Tried this morning coarse is the way to go. 4 notches up on the Mazzer collar from the previous bean and still at 40 secs.

I need to give it another go before passing judgement.

How's everyone dosing this so far? I've jumped straight in with the 20g VST.

Has anyone got a winning extraction. I was going to aim for 20g in 30g out in 30 secs.


----------



## urbanbumpkin

Tried another shot as a straight espresso.

20g in, 37g out in 30 secs. (Took my eye off if at the end).







with a lower brew temp.

Mega crema, it completely filled the inker espresso cup, so over 2oz in volume.

Dark chocolate, strong mouthfeel, edge of smoke and bitterness.

I think as Ron has said it's going to develop more with time.


----------



## Blackstone

Next shot I went finer. Crema was unbelievable. 16.5g in but I think it was a little too much. Smokey, oaky taste is back


----------



## CamV6

I've been at these the last couple of morning and whilst they are promising I say they need another good 5 days rest. They still have a very tell-tale 'gassy' smell that is indicating to me they aren't ready just yet and they also taste a little 'roasty' still.

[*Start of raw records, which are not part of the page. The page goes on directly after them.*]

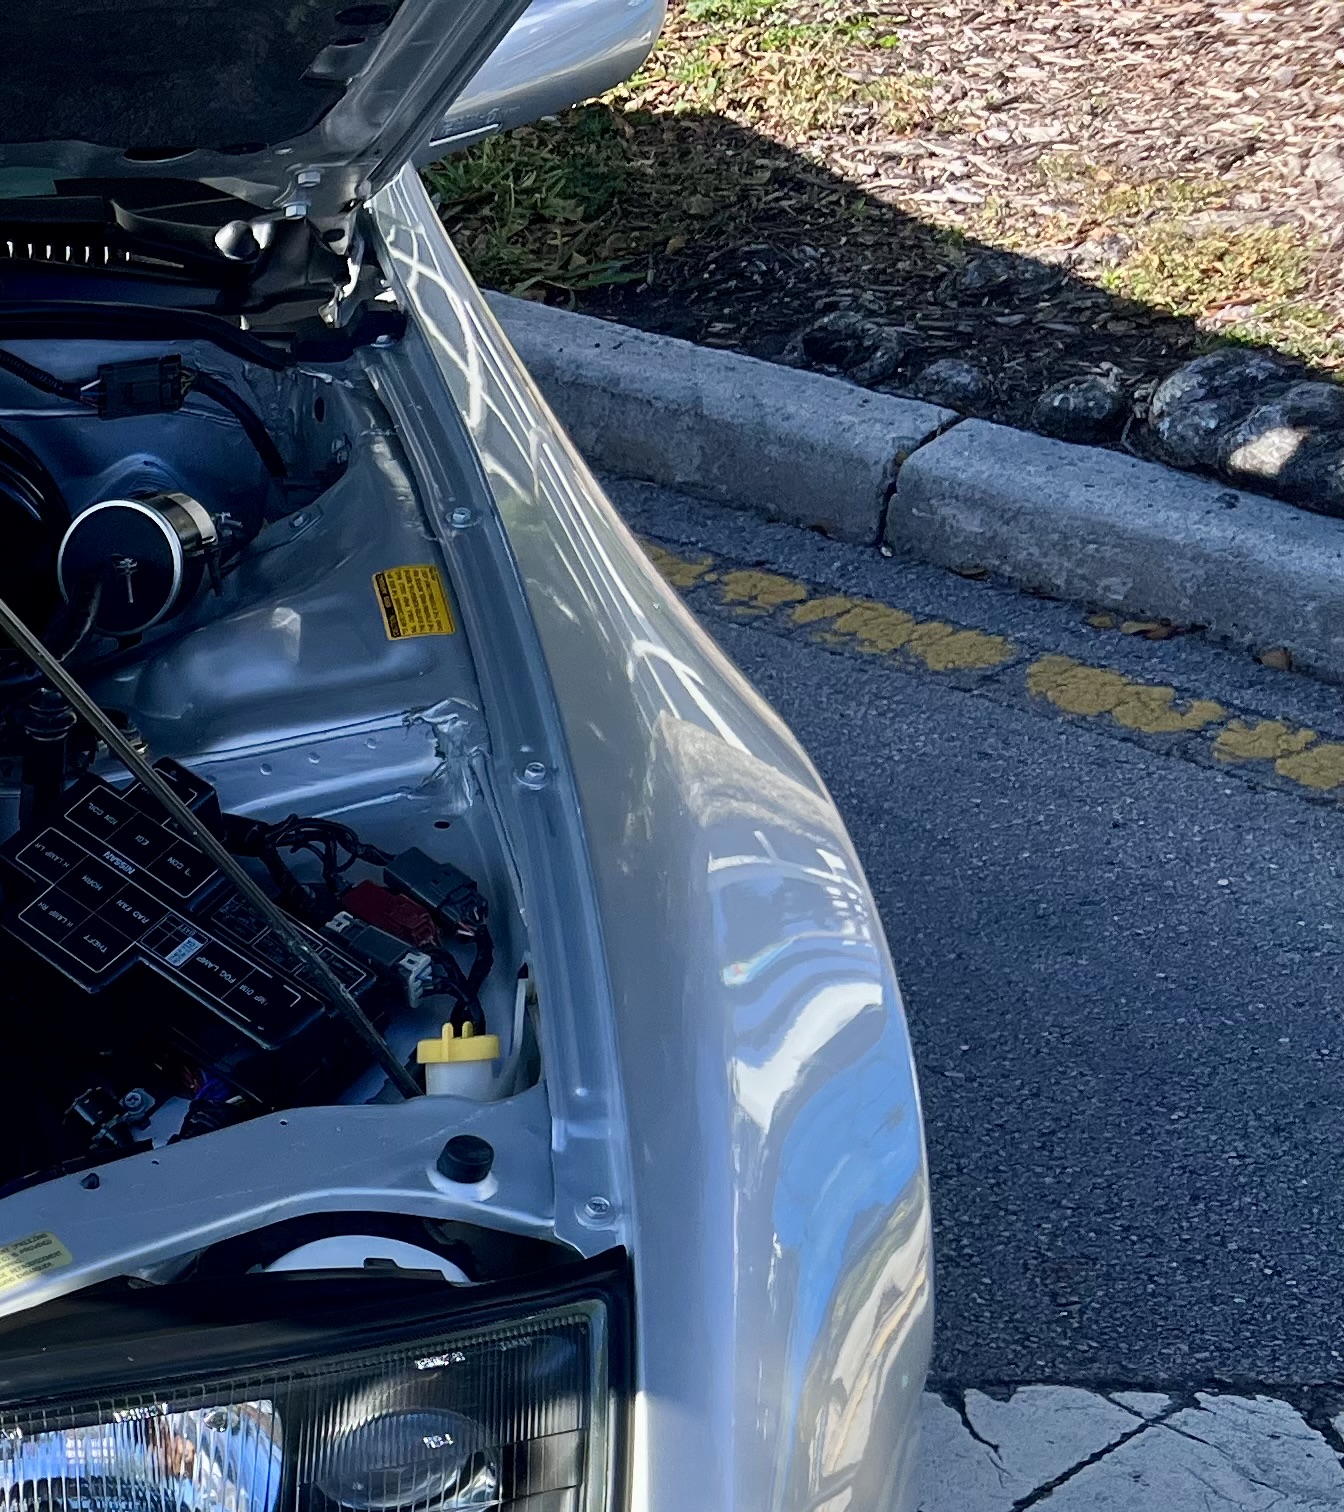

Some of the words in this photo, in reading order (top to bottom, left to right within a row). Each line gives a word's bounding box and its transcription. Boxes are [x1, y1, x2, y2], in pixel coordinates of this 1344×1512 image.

[102, 850, 136, 875] NISSAN
[82, 874, 103, 890] HORN
[115, 899, 132, 912] FAN
[132, 909, 150, 924] RAD
[83, 934, 108, 953] THEFT
[196, 956, 220, 972] LAMP
[219, 969, 237, 984] FOG
[19, 1238, 53, 1254] PROVIDED
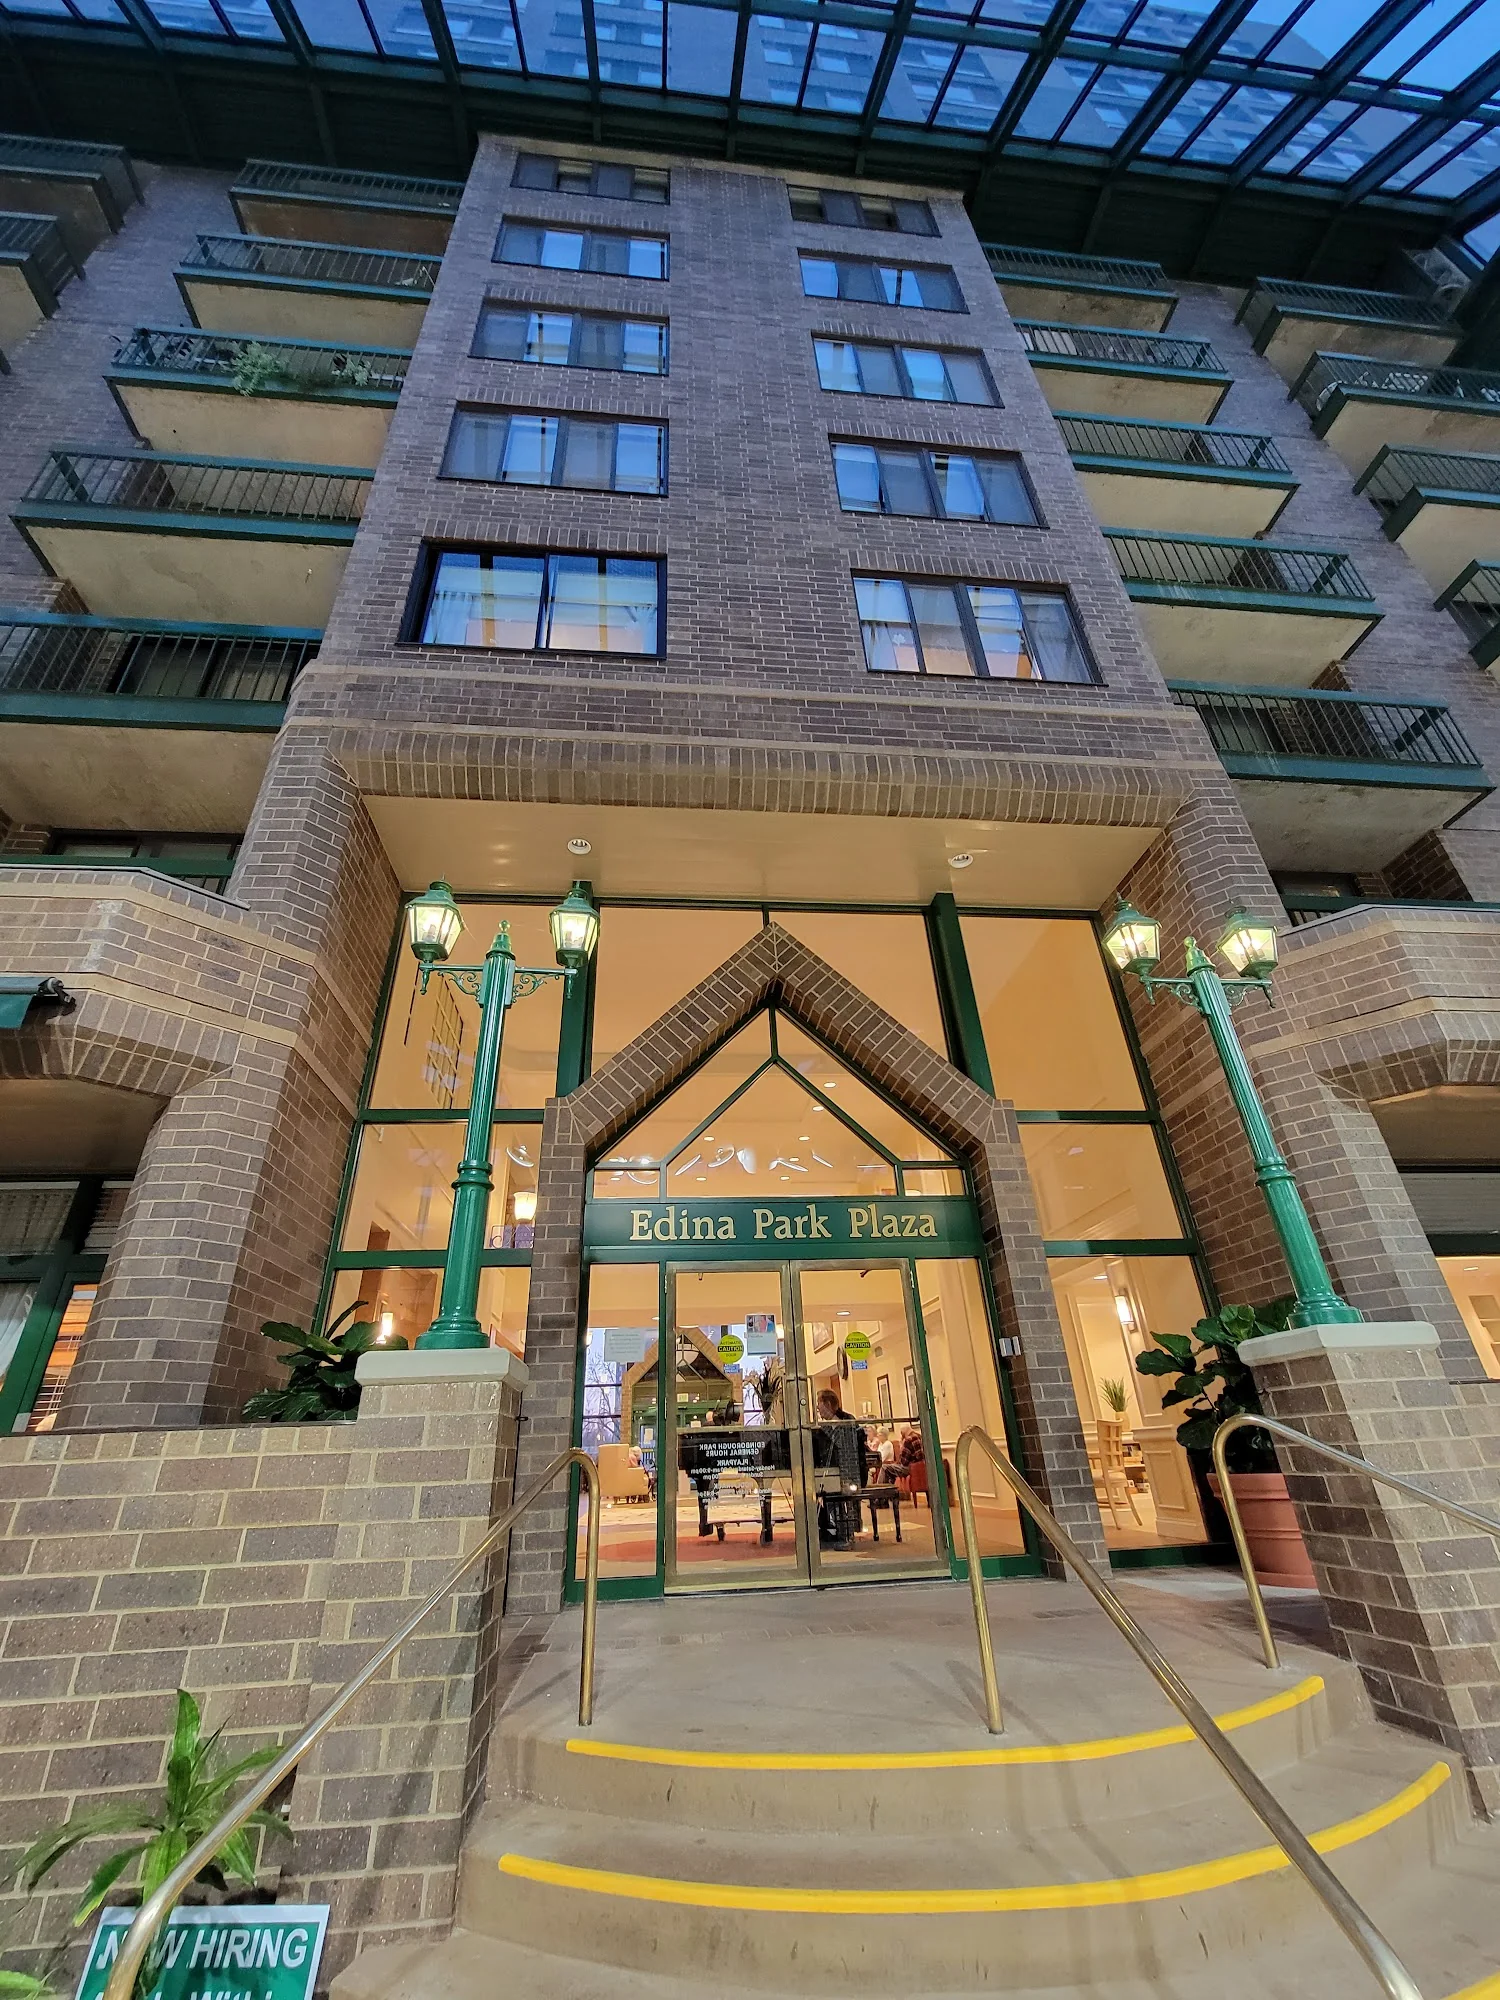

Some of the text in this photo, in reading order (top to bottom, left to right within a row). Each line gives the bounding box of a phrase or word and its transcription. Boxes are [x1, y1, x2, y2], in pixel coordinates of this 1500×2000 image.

[629, 1203, 938, 1241] Edina Park Plaza
[95, 1928, 310, 1970] NW HIRING
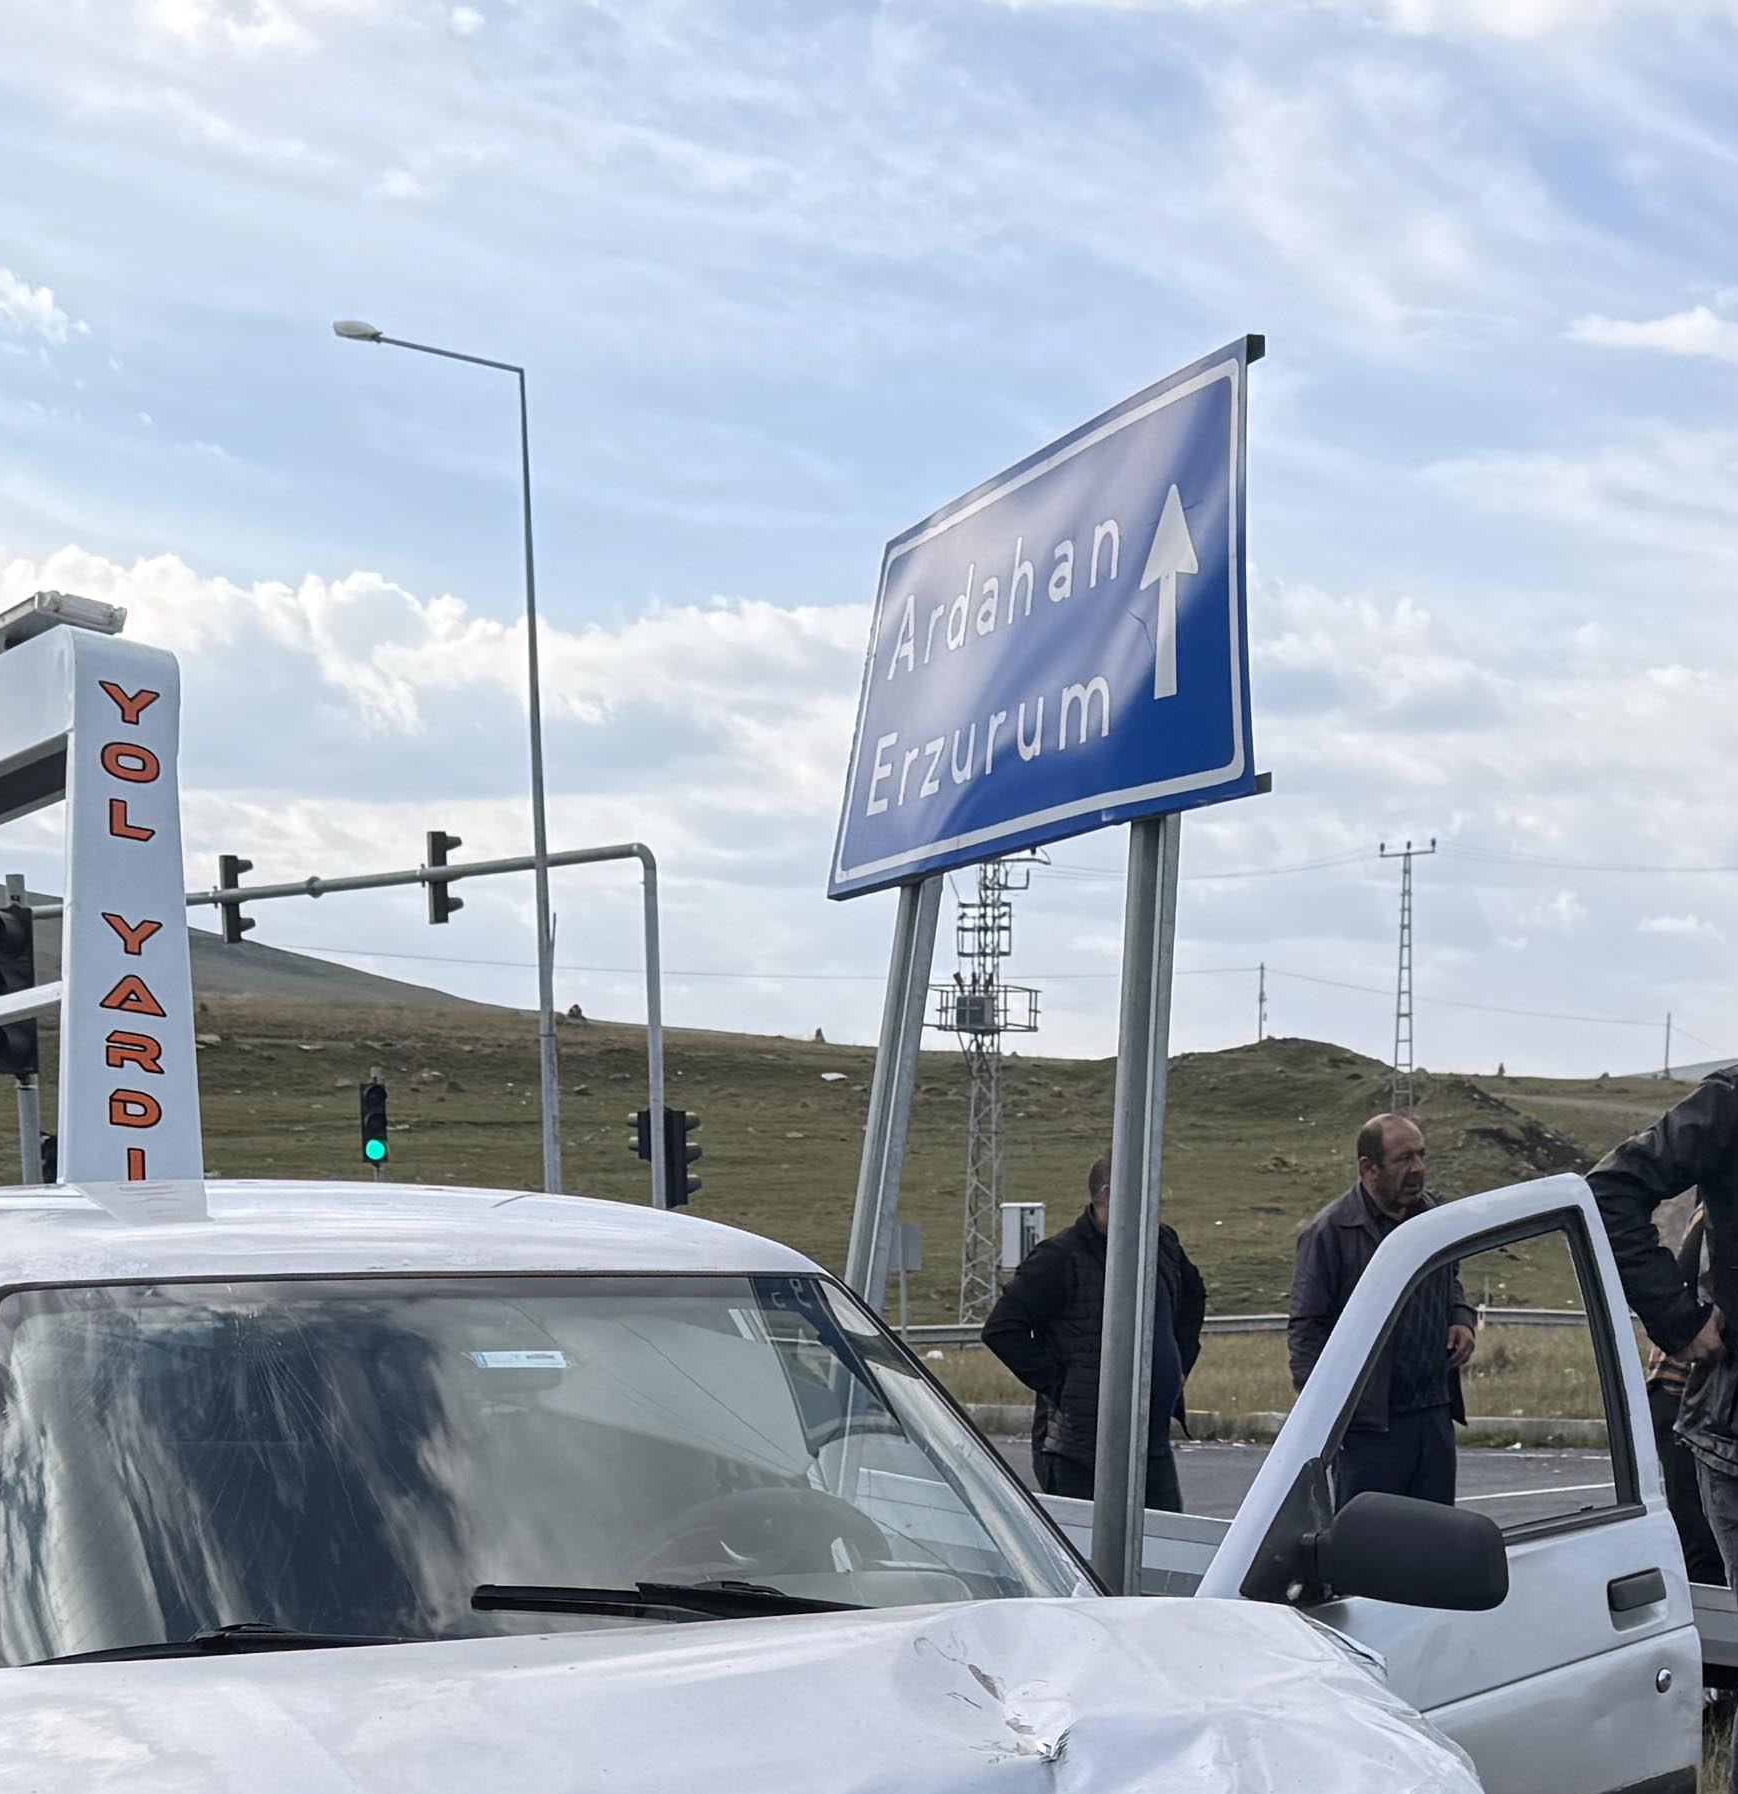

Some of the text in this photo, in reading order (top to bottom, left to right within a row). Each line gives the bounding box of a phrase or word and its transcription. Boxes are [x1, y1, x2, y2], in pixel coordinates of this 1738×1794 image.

[887, 517, 1120, 681] Ardahan
[866, 676, 1111, 817] Erzurum
[98, 680, 167, 1182] YOL YARDI

Remember darker roasts take longer to rest (or so I think anyway)


----------



## kwuntsun

Just pulled my first shot with these beans. 13.5g in, 23g out. It's smoky, leathery with a touch of tobacco. But the body is surprisingly light. Crema is rich and thick though. It's definitely a change from the usual beans I drink.


----------



## donkeykong

doh


----------



## Charliej

donkeykong said:


> doh


As far as I know there are spare places for the main subscription DSOL for the next 3 months the details will be on another thread, but basically for £55 up front you get 3 months of usually bespoke darker/ medium dark roasted beans from different roaster you get a kg of beans usually split into 4 x 250g bags.


----------



## ronsil

Yes - We can take a few more subscribers for the DarkerSOL next 3 months.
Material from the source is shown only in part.